SECAUCUS, N.J. and BALTIMORE, May 31, 2024 /PRNewswire/ -- A blood test could help reduce costs for health plans by reliably identifying patients who might be able to safely forgo chemotherapy after surgery for stage II colorectal cancer, according to a study published today in JAMA Health Forum, a member of the JAMA Network. Researchers from Haystack Oncology, a Quest Diagnostics (NYSE: DGX) company and developer of the Haystack MRD™ tumor-informed ctDNA MRD technology, City of Hope and the Walter and Eliza Hall Institute of Medical Research conducted the study.

The analysis is the first of its kind published in a peer-reviewed journal to demonstrate the potential of circulating tumor DNA minimal residual disease (ctDNA MRD) tests to help reduce costs of adjuvant chemotherapy to U.S. health plans without compromising recurrence-free survival in patients with colorectal cancer.

ctDNA MRD tests are highly advanced blood or "liquid biopsy" tests that help identify early evidence of residual or recurrent cancer after surgical removal of a solid tumor.

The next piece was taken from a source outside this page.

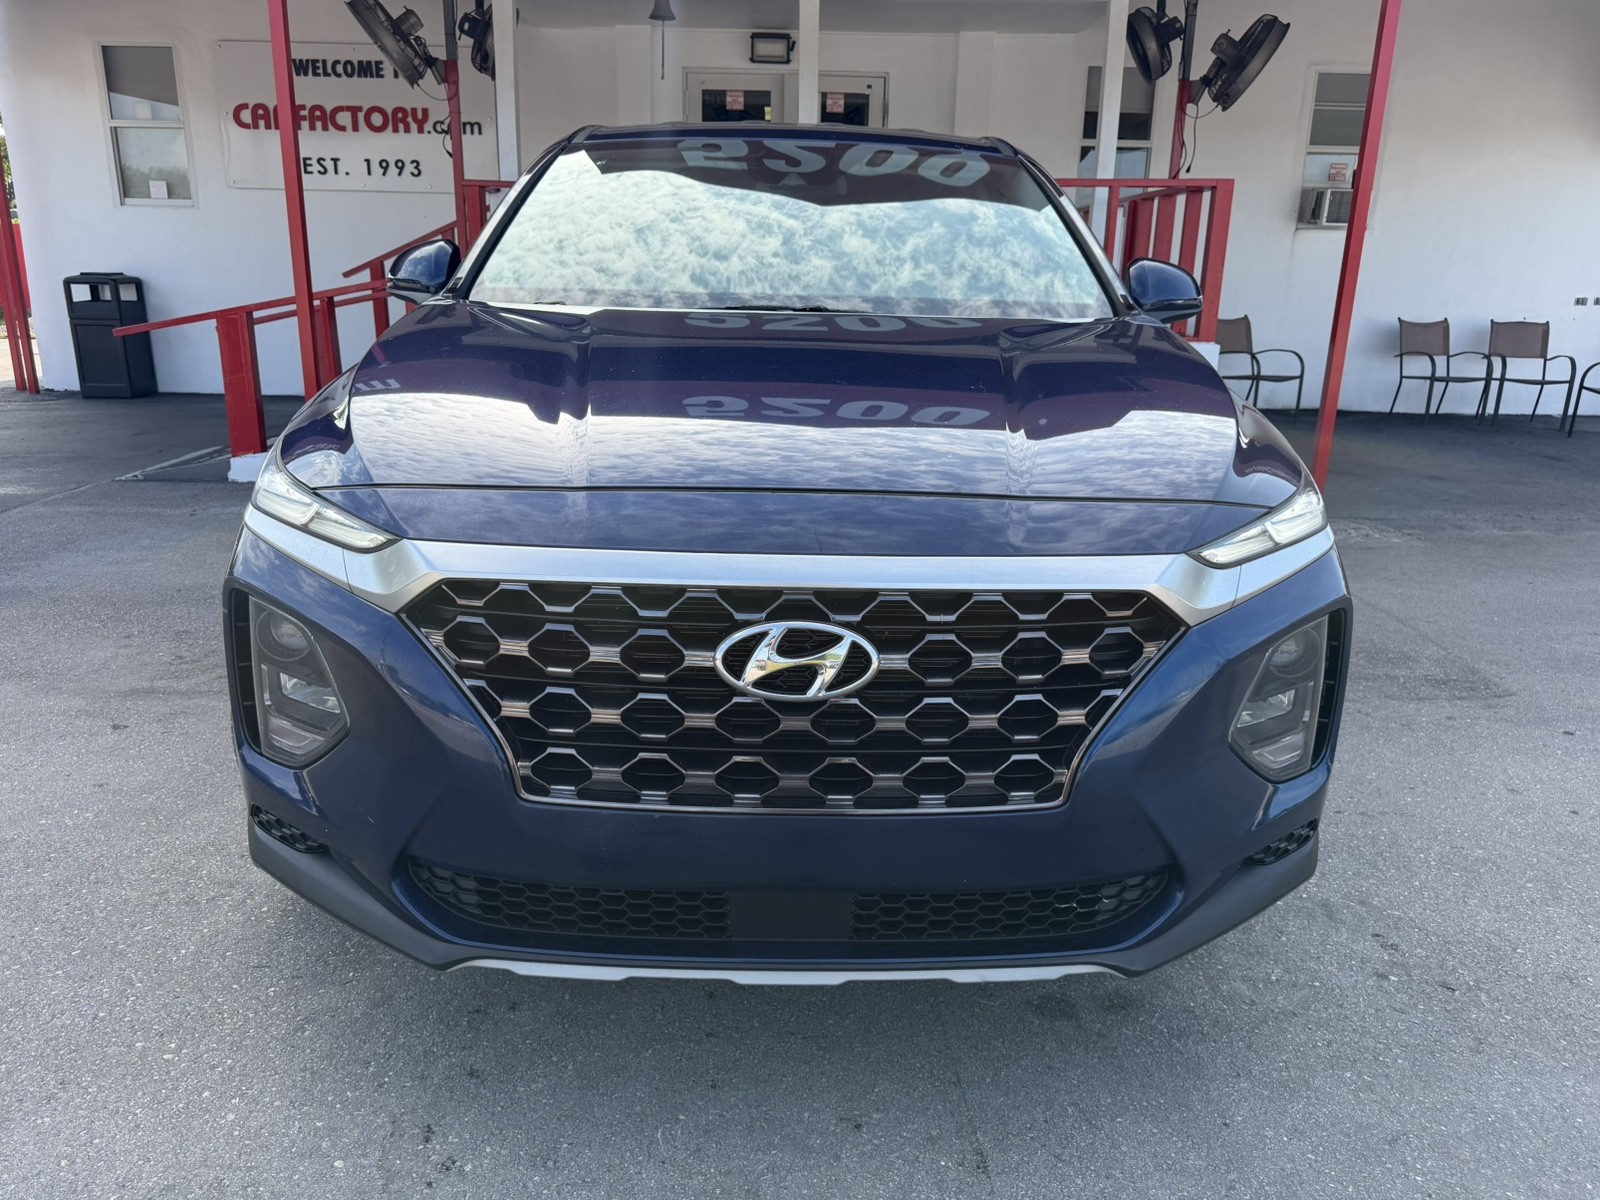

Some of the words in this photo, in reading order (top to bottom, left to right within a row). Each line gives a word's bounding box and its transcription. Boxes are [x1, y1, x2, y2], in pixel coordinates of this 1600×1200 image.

[292, 58, 385, 79] WELCOME
[302, 156, 350, 176] EST.
[363, 158, 422, 177] 1993

"This study provides compelling evidence that health plans can reimburse for ctDNA MRD testing with neutral affect to their budgets while also gaining clinical insights into disease risk that other routine tests may not provide," said Afsaneh Barzi, MD, PhD, senior author of the study and a medical oncologist at Duarte Cancer Center in Duarte, California, specializing in the treatment of gastrointestinal cancers.

"We hope this latest data gives healthcare policy makers greater confidence to adopt tumor-informed ctDNA MRD testing as an economically and clinically valuable facet of colorectal cancer care," said co-author Jeanne Tie, MBChB, FRACP, MD, Medical Oncology Lead for the Lower Gastrointestinal tumor stream at Peter MacCallum Cancer Centre and a senior research fellow within the division of personalized oncology at the Walter and Eliza Hall Institute.

Building Evidence from the DYNAMIC Trial

In June 2022, a randomized clinical trial (DYNAMIC) demonstrated that a tumor-informed ctDNA MRD test performed on patients with stage II colorectal cancer reduced the application of adjuvant chemotherapy (ACT) by nearly half (15% vs. 28%) without compromising recurrence-free survival. While many patients can safely forgo ACT, physicians cannot reliably identify these patients with conventional pathological and clinical metrics. This information could help reduce the administration of ACT, thus decreasing the risk of adverse events and the related costs ($44,022 to $65,792 per patient). Results from the DYNAMIC study demonstrate that post-surgical evaluation with an appropriate ctDNA MRD test can significantly improve the identification of patients that stand to benefit from ACT.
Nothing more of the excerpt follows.